Monsieur Gilliard and Papa spent the last few days building a snow mountain. They hauled water by bucket. It was so cold that the ice formed in the bucket as they moved it between the tap and the hill.

But it was a welcome distraction and we were all looking forward to tobogganing.

Unfortunately, Monsieur Gilliard fell and twisted his ankle and wasn’t able to enjoy the hill he’d helped build.

We girls ended up covered in bruises, all from sliding down the hill, but we didn’t care. What were a few bruises to us? We were out in the sunshine, laughing, our hearts beating in our chests, our breaths puffing small clouds in front of our faces. We were alive and, more than that, for a little while we were living.

It wasn’t long, however, until Siberia’s famous winter finally hit us. The crisp, sunny days turned dark and cold. Wind rattled the windows and the rafters, an unwelcome stranger pushing its way in until the glass was thick with ice.

We spent what seemed like endless days inside, wrapped in the thickest, knitted cardigans. Despite wearing our felt boots and our heaviest coats, we were cold as we huddled in the corridor to keep warm.

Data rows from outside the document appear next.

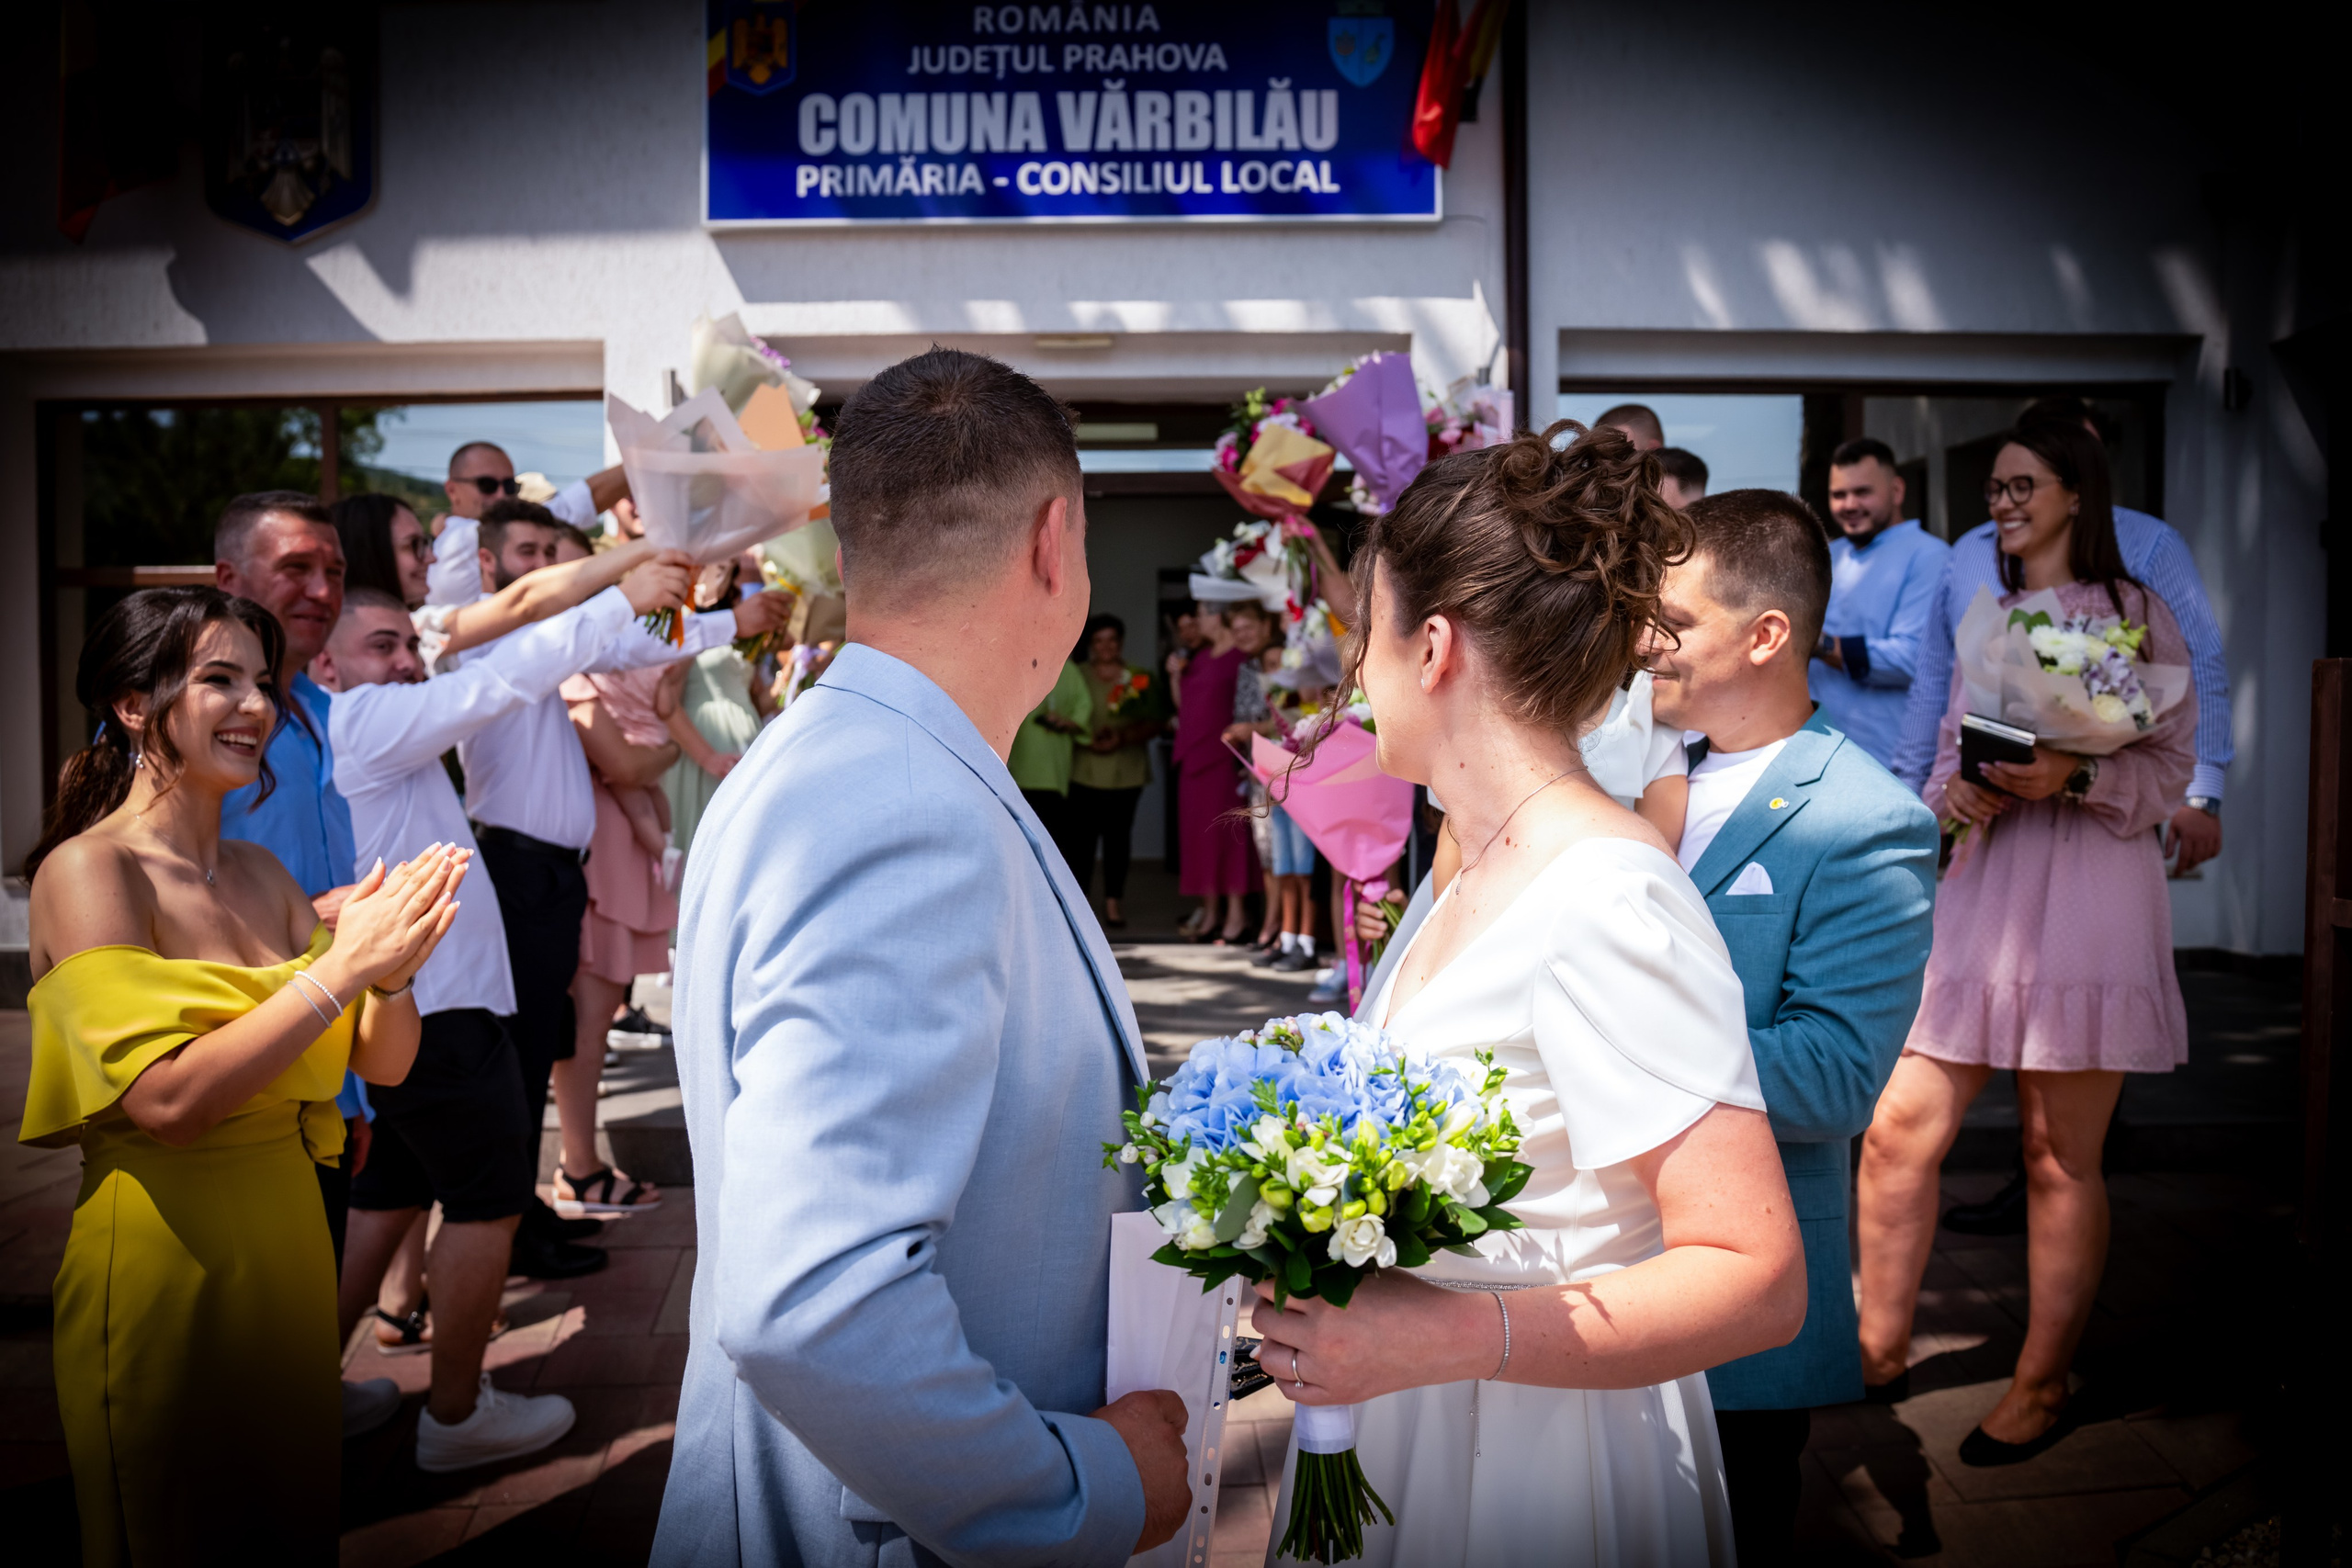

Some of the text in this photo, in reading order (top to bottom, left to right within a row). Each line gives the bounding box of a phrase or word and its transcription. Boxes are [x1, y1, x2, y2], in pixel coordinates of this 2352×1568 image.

[972, 0, 1160, 34] ROMÂNIA
[906, 42, 1227, 80] JUDEȚUL PRAHOVA
[798, 77, 1339, 155] COMUNA VĂRBILĂU
[795, 155, 985, 198] PRIMĂRIA
[1015, 160, 1214, 196] CONSILIUL
[1220, 160, 1340, 194] LOCAL
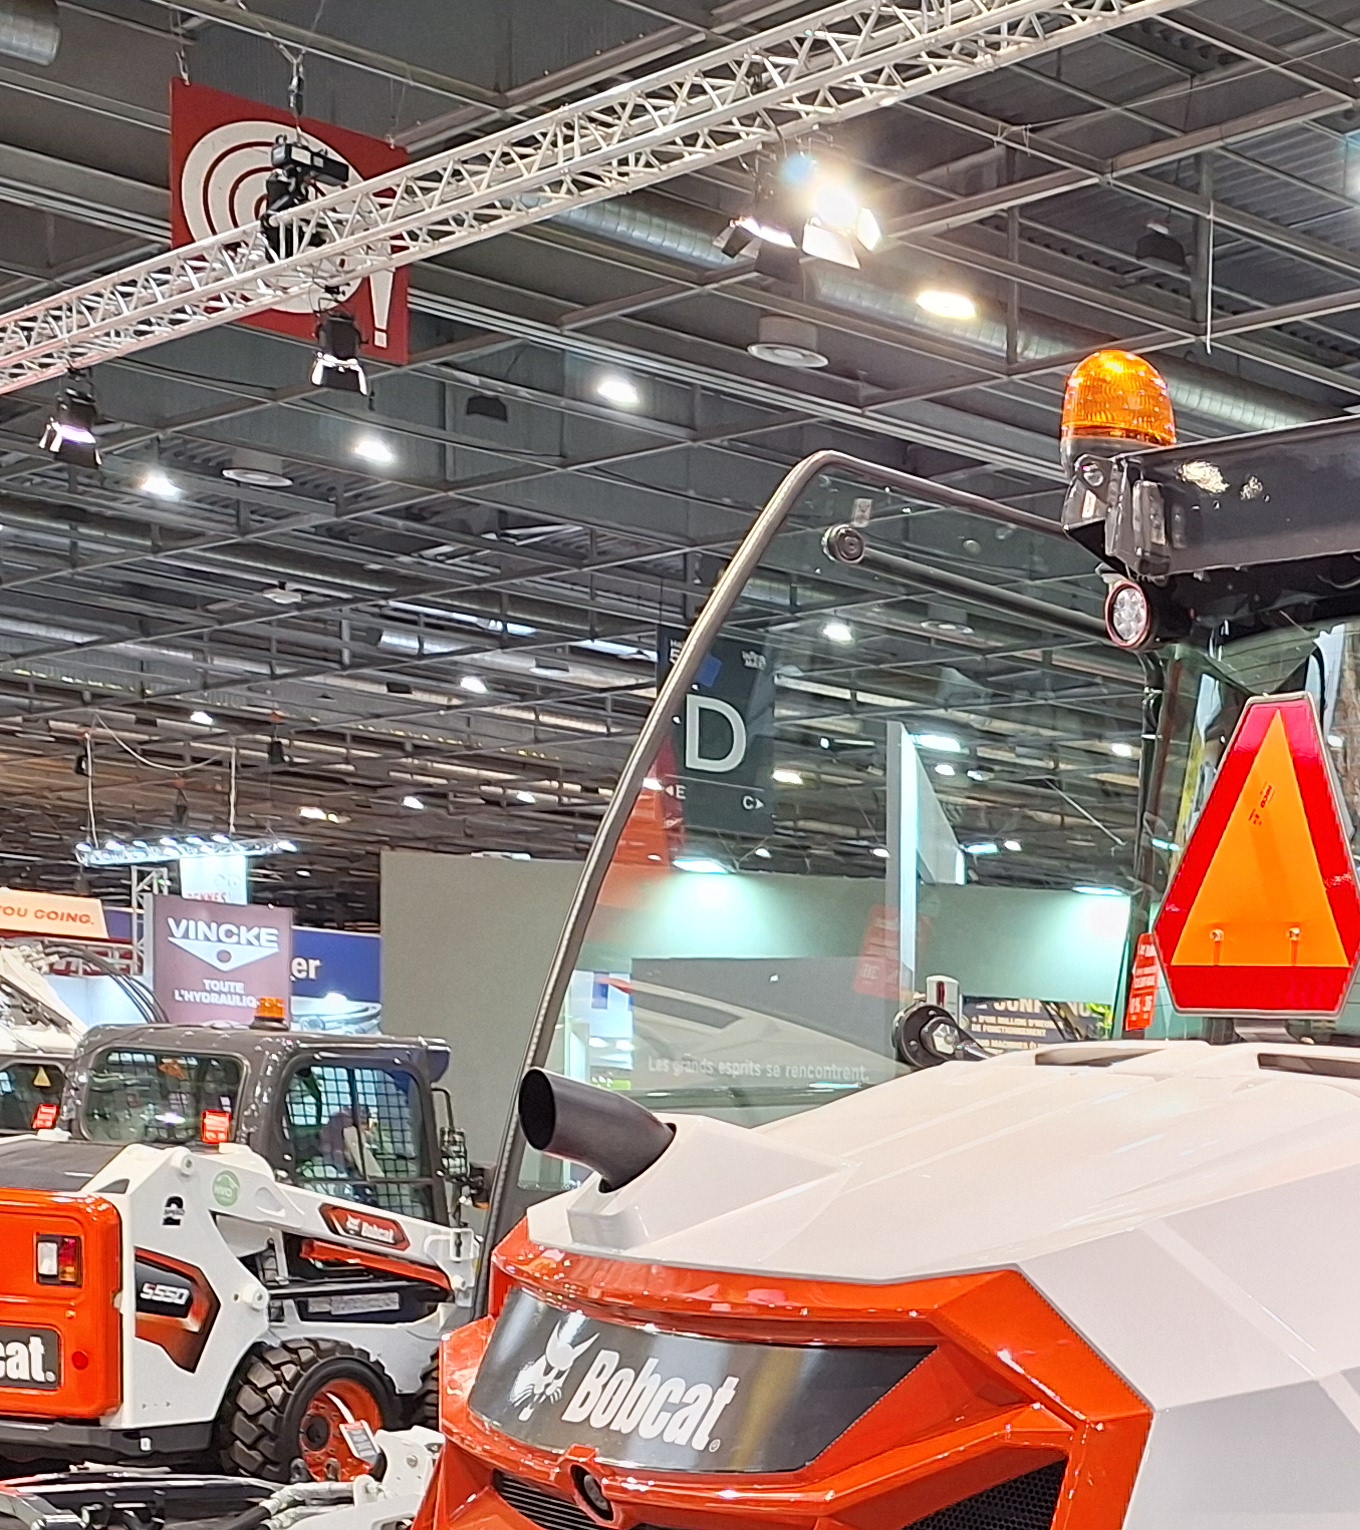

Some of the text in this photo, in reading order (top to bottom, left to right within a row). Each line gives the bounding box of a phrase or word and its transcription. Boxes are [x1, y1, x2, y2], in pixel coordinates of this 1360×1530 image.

[685, 694, 747, 773] D
[676, 784, 687, 800] E
[742, 795, 755, 810] C
[33, 909, 96, 926] GOING.
[166, 917, 280, 948] VINCKE
[290, 954, 322, 982] er
[202, 978, 245, 994] TOUTE
[673, 1056, 714, 1077] grands
[718, 1059, 762, 1079] esprits
[766, 1064, 781, 1078] se
[785, 1064, 870, 1082] rencontrent.
[139, 1282, 191, 1305] S550

Sometimes Papa read to us, but today it was too dark and his voice was giving out from a cold. We dozed as we sat up against the wall. Mama, sitting in her wheeled chair next to Papa, had her head propped up against his shoulder, her eyes closed, breathing evenly. A warm blanket lay across her lap. Usually she preferred to sew or write, but the cold made her fingers too stiff.

Sleep was beckoning to me too, but a creaking sound pulled me out. Olga was gone.

I pushed up and quietly made my way downstairs and up the long passageway to the kitchen, the only other room that was warm enough.

Olga was sitting at the table, head in her hands. She’d taken off her woolen cap and her blond hair, still short, like all of ours, from our bout of measles lay plastered to her scalp. It seemed duller somehow and I didn’t think it was the gray light falling through the shutters’ narrow slits.

As I crossed to the table, I stepped on a cockroach. They were everywhere, the filthy things. It was a good thing that Mama didn’t come in here often.

I slid into the chair next to Olga and placed my arm around her.

She’d never taken much interest in her looks or been bothered by how she appeared to others, but now I saw something else—a haunted look that didn’t come from her ill health. It was the look of someone who, having loved and lost, had resigned herself to that loss.

“Are you all right?” I asked.

She nodded and returned her gaze to her gloved hands.

“Missing Mitya?” I prompted. Dmitry Shakh-Bagov had been Olga’s favorite at the hospital where we had worked as Red Cross nurses. A Georgian adjutant in the Life Grenadiers of the Erevan Regiment, he had been the latest in a series of crushes.

Like all the others, he wasn’t an appropriate prospect for a grand duchess, no matter how much Olga wanted him. She hadn’t mentioned him in months and I thought she’d gotten over him, but as I looked into her eyes I realized two things. The first was that she hadn’t, though she may have been in the process of replacing him in her affections. The second was that she was in mourning. For him. For herself. For what it all meant.

I put my arm around her, and drew her closer. It wasn’t just the uncertainty that we were facing. It was the realization that things were getting worse and worse. I no longer believed that we would be allowed to peacefully retire to a private life, whether here in Russia or elsewhere. And I could see now that neither did Olga.

“We have to put on brave faces,” I whispered into her ear. “For Mama and Papa.”

She swallowed and nodded. Tears pooled at the corners of her eyes and the ghost of a smile settled onto her face like the mask that it was.

Did mine look as ill-fitting?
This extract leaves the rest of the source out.